Site icon BeritaJar

Kado Harla Ke-80, Kejari Aru Tetapkan Kades Kolamar Tersangka

Dobo, Beritajar.com: Moment kado Peringatan Hari Lahir Kejaksaan ke-80 terasa istimewa, pasalnya Tim Penyidik pada Seksi Tindak Pidana Khusus Kejaksaan Negeri (Kejari) Kepulauan Aru resmi menetapkan satu orang sebagai Tersangka dalam perkara Dugaan Tindak Pidana Korupsi Pengelolaan Alokasi Dana Desa (ADD) dan Dana Desa (DD) Desa Kolamar Kecamatan Aru Utara Kabupaten Kepulauan Aru Tahun Anggaran 2022 – 2024.

Penetapan HD selaku Kades sebagai tersangka tersebut usai perayaan Hari Lahir Kejaksaan ke-80 di Kejari Kepulauan Aru, Selasa (02/9/2025).

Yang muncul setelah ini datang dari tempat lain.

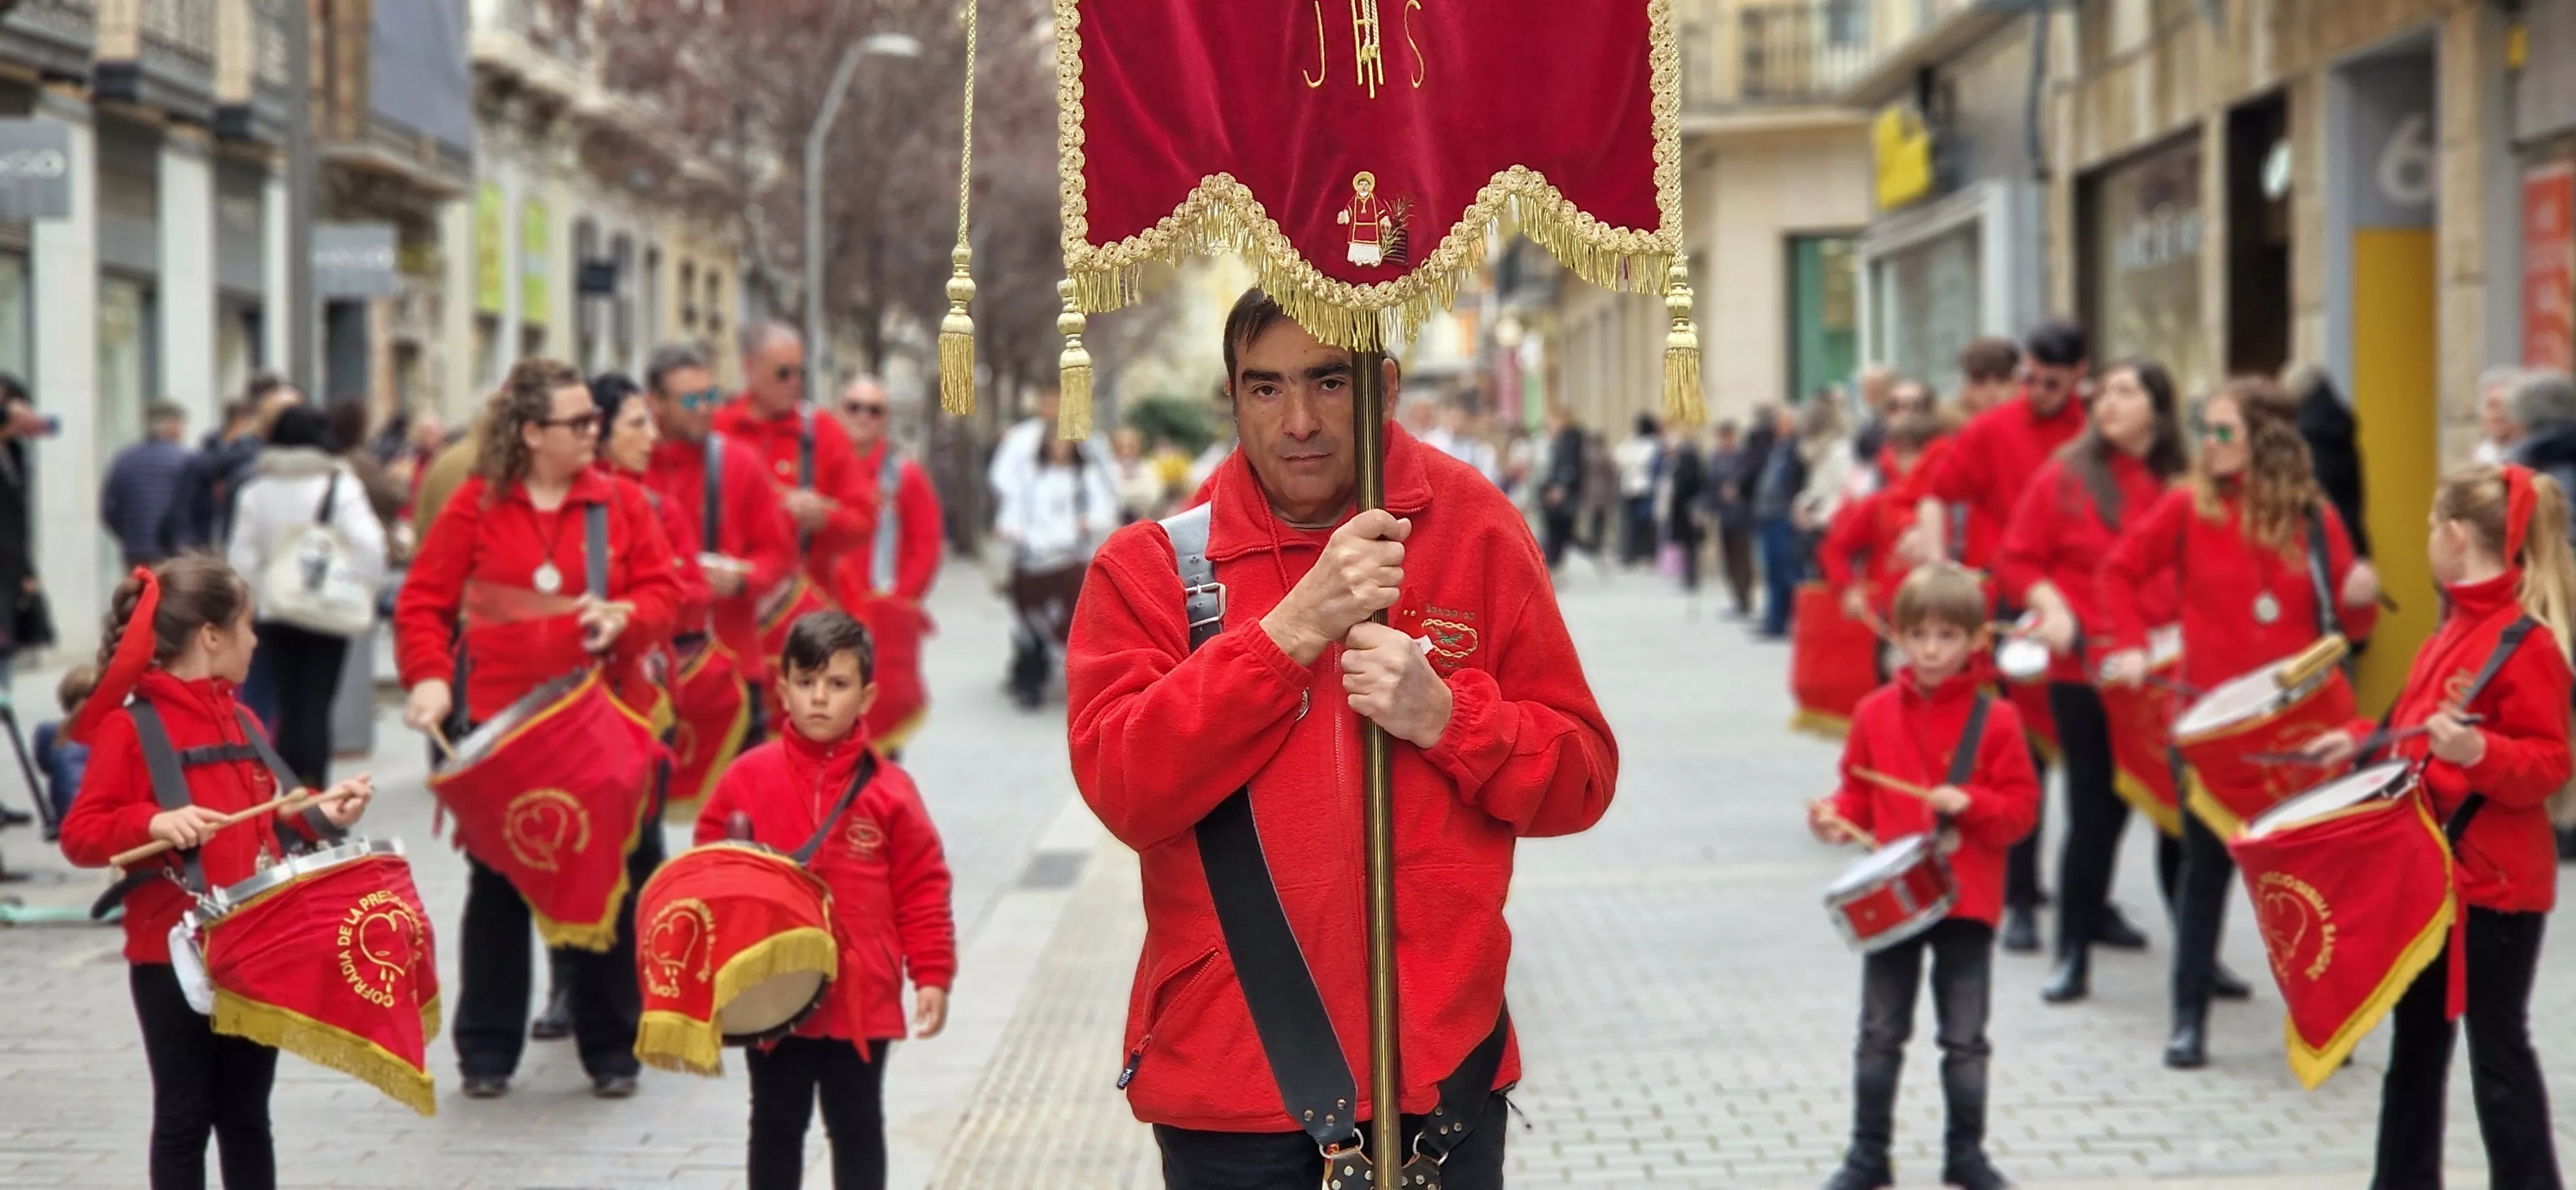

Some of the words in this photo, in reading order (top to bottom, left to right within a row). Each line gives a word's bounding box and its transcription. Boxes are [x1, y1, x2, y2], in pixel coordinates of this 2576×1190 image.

[2376, 111, 2437, 210] 6
[337, 925, 353, 947] DE
[343, 907, 365, 925] LA
[337, 949, 395, 1008] COFRADIA
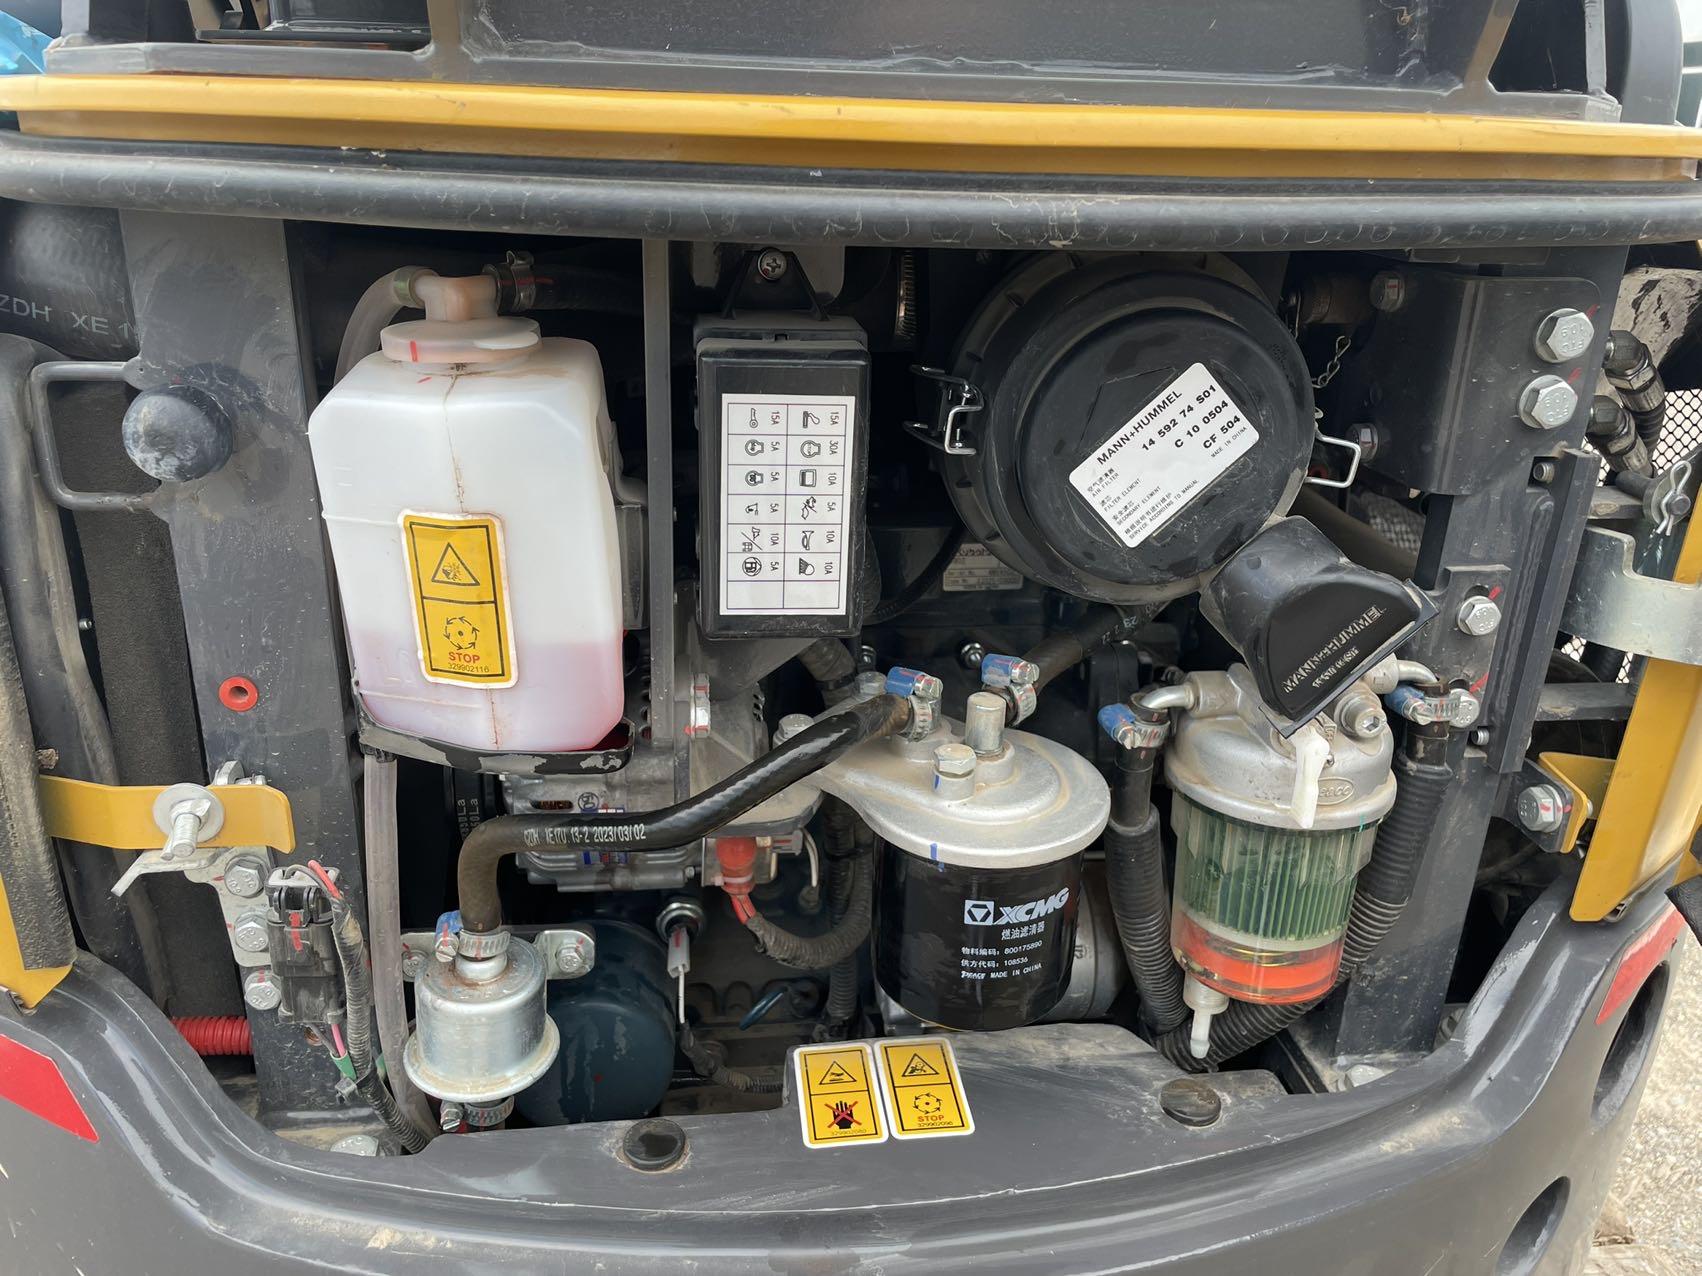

“Adapun satu orang yang ditetapkan sebagai Tersangka berinisial HD selaku Kepala Desa Kolamar Kecamatan Aru Utara Kabupaten Kepulauan Aru,” ungkap Kajari Kepulauan Aru, Sumanggar Siagian dalam press release, Selasa (02/8/2025).

Dikatakan, peran Tersangka HD selaku Kades Kolamar dalam perkara ini melakukan penyimpangan pada Tahun 2022 yakni terdapat belanja fiktif pada beberapa item kegiatan sebesar Rp330.430.000, terdapat kekurangan pembayaran penghasilan tetap dan tunjangan perangkat desa Senilai Rp17.661.000.

Kemudian Tahun 2023, terdapat belanja fiktif pada beberapa item kegiatan sebesar Rp347.675.853,33, terdapat kekurangan pembayaran penghasilan tetap dan tunjangan senilai Rp Rp23.466.400.

Selanjutnya, kekurangan Belanja Kedo-Kedo + Mesin Sebanyak 8 Unit pada kegiatan Bantuan Perikanan Senilai Rp 228.000.000 dan Mark-Up Harga senilai Rp30.000.000, dengan Total Senilai Rp258.000.000.

Kemudian terdapat Mark-Up Harga Belanja Hewan Kurban Pada Kegiatan Penyelenggaraan Festival Kesenian. Adat/Kebudayaan. Dan Keagamaan Senilai Rp7.000.000.

Selain itu, pada Tahun 2024 lanjut Kajari, terdapat belanja fiktif pada beberapa item kegiatan sebesar Rp369.538.326, terdapat Kekurangan Pembayaran Penghasilan Tetap, Tunjangan dan Insentif Senilai Rp12.488.800.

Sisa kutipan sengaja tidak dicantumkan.